What you need to do. Transcribe exactly the line that contains "this 2000×1334 image." and every line after it through the end of the records, with nothing else.
◆ ◆ ◆ ◆ ◆
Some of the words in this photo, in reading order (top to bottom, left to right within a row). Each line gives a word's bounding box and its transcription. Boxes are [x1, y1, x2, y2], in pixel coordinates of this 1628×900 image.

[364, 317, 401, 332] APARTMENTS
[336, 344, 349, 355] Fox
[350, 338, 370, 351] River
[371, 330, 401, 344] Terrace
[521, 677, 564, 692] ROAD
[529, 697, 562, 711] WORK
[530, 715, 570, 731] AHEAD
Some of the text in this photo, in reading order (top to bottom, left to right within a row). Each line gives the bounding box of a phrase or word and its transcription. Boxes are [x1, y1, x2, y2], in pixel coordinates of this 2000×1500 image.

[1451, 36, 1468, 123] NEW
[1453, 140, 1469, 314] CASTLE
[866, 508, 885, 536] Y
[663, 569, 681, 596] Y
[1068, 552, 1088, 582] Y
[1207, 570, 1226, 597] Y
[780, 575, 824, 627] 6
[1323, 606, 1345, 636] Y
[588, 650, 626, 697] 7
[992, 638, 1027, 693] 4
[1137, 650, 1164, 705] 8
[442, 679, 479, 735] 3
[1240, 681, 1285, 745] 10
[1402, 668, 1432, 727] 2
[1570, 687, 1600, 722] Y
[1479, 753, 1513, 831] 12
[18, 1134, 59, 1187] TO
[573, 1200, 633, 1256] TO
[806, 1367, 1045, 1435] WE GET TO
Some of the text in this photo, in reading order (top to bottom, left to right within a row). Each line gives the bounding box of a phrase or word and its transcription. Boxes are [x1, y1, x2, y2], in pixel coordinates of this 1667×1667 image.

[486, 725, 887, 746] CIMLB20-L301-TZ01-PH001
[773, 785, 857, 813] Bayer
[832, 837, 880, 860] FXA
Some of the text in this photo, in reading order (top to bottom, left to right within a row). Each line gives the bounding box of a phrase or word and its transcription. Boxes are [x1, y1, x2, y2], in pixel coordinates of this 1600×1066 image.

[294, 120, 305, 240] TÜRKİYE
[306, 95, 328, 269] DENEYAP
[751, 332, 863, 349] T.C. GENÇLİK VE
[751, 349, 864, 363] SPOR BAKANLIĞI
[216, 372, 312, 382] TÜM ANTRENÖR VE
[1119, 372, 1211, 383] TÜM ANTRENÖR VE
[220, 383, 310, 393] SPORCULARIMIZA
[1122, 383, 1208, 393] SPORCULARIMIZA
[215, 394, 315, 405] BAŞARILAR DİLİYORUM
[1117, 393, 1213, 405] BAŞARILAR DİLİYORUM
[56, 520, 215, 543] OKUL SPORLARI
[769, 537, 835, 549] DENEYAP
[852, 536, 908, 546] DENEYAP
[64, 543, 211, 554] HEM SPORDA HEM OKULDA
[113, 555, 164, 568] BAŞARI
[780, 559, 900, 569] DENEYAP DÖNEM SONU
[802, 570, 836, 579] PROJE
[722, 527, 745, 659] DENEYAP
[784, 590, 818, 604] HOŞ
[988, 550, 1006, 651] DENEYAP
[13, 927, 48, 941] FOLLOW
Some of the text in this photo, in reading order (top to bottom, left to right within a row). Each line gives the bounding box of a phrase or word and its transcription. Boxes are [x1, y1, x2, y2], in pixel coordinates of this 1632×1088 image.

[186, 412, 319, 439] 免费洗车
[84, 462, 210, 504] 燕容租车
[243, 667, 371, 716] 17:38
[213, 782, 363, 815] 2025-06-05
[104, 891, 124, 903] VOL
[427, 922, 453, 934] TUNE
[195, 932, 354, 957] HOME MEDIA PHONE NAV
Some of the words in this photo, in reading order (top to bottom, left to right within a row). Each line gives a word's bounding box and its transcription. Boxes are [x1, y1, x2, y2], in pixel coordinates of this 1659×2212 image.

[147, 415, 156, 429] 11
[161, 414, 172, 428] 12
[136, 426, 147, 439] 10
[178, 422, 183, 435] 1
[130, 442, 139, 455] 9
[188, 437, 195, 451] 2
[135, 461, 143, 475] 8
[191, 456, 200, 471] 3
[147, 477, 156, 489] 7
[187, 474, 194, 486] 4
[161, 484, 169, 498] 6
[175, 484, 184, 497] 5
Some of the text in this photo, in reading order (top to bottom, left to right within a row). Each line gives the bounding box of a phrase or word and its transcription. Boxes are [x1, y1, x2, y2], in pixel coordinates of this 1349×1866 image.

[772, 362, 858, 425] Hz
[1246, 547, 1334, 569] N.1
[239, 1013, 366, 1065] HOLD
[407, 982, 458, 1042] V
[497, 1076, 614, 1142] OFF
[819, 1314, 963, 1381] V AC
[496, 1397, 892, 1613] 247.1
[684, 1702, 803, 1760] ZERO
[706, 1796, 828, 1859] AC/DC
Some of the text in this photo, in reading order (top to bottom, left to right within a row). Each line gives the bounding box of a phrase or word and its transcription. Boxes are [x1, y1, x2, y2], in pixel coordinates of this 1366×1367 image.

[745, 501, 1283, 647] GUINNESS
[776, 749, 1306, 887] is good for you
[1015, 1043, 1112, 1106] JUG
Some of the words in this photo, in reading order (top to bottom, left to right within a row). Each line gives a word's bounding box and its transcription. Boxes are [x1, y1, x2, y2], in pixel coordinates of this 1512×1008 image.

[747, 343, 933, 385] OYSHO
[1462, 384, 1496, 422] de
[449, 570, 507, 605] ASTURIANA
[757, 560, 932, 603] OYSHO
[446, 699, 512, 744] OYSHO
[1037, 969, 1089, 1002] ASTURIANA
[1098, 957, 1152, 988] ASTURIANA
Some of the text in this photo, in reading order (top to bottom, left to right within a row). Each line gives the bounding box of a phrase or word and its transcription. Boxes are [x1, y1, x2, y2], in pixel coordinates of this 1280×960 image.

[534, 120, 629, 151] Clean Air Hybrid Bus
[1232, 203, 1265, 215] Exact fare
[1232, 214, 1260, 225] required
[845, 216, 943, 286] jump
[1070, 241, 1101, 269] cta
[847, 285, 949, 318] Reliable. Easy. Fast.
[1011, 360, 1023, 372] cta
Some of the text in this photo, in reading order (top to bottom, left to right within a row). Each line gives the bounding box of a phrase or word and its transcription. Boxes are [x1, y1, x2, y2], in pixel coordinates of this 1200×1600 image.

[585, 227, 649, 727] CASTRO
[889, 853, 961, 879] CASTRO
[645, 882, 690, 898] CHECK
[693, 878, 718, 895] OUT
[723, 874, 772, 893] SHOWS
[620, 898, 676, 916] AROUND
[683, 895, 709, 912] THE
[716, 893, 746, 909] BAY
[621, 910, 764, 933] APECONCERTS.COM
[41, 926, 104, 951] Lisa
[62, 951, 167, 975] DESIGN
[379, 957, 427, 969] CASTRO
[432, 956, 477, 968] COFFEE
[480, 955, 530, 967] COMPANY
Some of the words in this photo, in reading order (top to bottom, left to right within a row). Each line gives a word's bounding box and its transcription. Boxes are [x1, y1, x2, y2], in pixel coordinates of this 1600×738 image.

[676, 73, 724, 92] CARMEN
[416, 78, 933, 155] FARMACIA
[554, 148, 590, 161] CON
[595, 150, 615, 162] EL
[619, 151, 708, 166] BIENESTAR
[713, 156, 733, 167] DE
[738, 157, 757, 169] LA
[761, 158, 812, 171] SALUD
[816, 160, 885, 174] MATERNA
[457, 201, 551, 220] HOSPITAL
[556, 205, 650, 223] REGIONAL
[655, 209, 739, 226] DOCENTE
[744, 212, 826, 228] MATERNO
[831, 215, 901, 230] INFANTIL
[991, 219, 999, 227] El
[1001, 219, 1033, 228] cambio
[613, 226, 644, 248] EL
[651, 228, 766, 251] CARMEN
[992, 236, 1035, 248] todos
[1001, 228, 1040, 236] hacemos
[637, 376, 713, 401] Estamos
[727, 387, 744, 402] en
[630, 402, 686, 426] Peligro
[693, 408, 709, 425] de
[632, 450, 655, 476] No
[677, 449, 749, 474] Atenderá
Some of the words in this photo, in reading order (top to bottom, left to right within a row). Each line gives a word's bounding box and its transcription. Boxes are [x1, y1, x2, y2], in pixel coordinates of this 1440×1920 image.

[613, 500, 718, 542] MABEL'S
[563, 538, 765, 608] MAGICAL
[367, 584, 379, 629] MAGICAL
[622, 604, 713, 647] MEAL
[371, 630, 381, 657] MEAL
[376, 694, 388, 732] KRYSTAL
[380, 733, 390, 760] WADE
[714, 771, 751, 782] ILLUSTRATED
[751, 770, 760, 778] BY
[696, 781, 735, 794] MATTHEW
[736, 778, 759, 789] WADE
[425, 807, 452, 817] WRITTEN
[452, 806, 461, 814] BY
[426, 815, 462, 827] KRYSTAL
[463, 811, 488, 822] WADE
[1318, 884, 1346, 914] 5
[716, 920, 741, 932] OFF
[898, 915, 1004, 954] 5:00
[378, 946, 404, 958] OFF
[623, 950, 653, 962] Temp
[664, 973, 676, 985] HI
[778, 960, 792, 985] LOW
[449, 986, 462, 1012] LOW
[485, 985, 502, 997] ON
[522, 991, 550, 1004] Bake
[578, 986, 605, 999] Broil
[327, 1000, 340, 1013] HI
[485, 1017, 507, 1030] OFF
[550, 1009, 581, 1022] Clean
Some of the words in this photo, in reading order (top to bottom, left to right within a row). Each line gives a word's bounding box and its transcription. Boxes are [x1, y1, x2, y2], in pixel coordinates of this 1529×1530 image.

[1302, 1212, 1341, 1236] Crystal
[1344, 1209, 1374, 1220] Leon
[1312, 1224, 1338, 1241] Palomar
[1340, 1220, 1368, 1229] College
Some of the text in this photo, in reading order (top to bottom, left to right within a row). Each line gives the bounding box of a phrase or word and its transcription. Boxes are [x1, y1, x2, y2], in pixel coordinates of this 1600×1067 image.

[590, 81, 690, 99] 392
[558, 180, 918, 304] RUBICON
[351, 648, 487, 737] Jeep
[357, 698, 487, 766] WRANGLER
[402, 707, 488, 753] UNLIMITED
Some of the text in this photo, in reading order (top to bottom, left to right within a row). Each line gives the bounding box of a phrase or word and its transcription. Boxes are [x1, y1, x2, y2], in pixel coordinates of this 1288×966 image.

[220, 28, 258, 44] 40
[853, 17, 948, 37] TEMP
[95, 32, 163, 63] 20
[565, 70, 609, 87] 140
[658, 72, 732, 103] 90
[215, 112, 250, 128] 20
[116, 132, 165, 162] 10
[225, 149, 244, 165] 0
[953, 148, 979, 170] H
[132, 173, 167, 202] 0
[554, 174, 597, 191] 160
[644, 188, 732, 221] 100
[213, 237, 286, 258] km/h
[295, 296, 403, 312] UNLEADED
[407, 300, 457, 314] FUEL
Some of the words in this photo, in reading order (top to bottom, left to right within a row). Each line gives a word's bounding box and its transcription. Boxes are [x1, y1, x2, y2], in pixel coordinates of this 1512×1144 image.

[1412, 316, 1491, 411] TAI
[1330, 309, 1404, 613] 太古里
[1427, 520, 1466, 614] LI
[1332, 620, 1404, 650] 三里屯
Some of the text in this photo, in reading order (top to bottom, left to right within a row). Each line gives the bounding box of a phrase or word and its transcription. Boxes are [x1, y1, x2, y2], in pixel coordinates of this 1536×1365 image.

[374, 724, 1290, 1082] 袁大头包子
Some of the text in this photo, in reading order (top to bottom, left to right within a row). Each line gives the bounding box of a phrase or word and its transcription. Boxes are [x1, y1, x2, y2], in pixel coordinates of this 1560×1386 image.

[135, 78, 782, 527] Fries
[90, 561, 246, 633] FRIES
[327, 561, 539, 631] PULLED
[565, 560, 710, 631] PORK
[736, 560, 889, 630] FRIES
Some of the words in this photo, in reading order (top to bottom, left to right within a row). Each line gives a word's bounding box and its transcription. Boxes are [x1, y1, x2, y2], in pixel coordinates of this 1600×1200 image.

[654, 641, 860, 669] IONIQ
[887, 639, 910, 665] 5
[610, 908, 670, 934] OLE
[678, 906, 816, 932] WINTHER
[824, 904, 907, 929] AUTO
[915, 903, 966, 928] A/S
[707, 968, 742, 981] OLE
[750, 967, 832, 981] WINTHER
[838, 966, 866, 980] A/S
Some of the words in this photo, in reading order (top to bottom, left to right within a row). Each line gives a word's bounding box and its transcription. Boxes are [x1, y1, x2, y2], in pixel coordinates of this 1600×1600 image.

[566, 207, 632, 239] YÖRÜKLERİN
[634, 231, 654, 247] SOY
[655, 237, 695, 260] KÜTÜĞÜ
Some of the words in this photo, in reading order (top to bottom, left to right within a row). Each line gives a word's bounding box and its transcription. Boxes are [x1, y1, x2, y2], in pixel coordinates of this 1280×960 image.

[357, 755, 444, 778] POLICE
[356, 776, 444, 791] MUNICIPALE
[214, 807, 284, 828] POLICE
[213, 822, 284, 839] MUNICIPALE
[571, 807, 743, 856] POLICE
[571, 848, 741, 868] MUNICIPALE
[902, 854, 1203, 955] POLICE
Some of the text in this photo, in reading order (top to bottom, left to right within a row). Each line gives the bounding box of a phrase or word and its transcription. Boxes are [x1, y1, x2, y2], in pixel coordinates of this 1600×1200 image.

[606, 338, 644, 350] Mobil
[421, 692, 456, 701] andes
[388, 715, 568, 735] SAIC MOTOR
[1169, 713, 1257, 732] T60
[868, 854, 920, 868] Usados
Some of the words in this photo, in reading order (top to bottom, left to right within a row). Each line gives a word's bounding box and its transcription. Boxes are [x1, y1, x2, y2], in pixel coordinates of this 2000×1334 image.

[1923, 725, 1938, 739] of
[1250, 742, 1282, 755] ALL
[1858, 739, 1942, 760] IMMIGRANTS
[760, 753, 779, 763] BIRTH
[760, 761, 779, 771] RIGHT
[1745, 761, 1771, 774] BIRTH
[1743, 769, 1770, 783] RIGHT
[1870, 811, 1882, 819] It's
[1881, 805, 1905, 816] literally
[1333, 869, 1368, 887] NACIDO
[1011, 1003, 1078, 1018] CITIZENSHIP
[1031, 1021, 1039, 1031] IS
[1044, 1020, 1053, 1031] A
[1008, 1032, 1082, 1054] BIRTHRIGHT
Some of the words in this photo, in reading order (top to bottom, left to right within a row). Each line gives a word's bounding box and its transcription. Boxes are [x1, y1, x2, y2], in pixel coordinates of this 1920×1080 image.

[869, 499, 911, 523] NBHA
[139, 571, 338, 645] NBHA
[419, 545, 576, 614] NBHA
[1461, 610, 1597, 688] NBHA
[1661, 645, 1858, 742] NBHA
◆ ◆ ◆ ◆ ◆
Exercise output.
Some of the words in this photo, in reading order (top to bottom, left to right within a row). Each line gives a word's bounding box and its transcription. Boxes are [x1, y1, x2, y2], in pixel coordinates of this 2000×1334 image.

[1923, 725, 1938, 739] of
[1250, 742, 1282, 755] ALL
[1858, 739, 1942, 760] IMMIGRANTS
[760, 753, 779, 763] BIRTH
[760, 761, 779, 771] RIGHT
[1745, 761, 1771, 774] BIRTH
[1743, 769, 1770, 783] RIGHT
[1870, 811, 1882, 819] It's
[1881, 805, 1905, 816] literally
[1333, 869, 1368, 887] NACIDO
[1011, 1003, 1078, 1018] CITIZENSHIP
[1031, 1021, 1039, 1031] IS
[1044, 1020, 1053, 1031] A
[1008, 1032, 1082, 1054] BIRTHRIGHT
Some of the words in this photo, in reading order (top to bottom, left to right within a row). Each line gives a word's bounding box and its transcription. Boxes are [x1, y1, x2, y2], in pixel coordinates of this 1920×1080 image.

[869, 499, 911, 523] NBHA
[139, 571, 338, 645] NBHA
[419, 545, 576, 614] NBHA
[1461, 610, 1597, 688] NBHA
[1661, 645, 1858, 742] NBHA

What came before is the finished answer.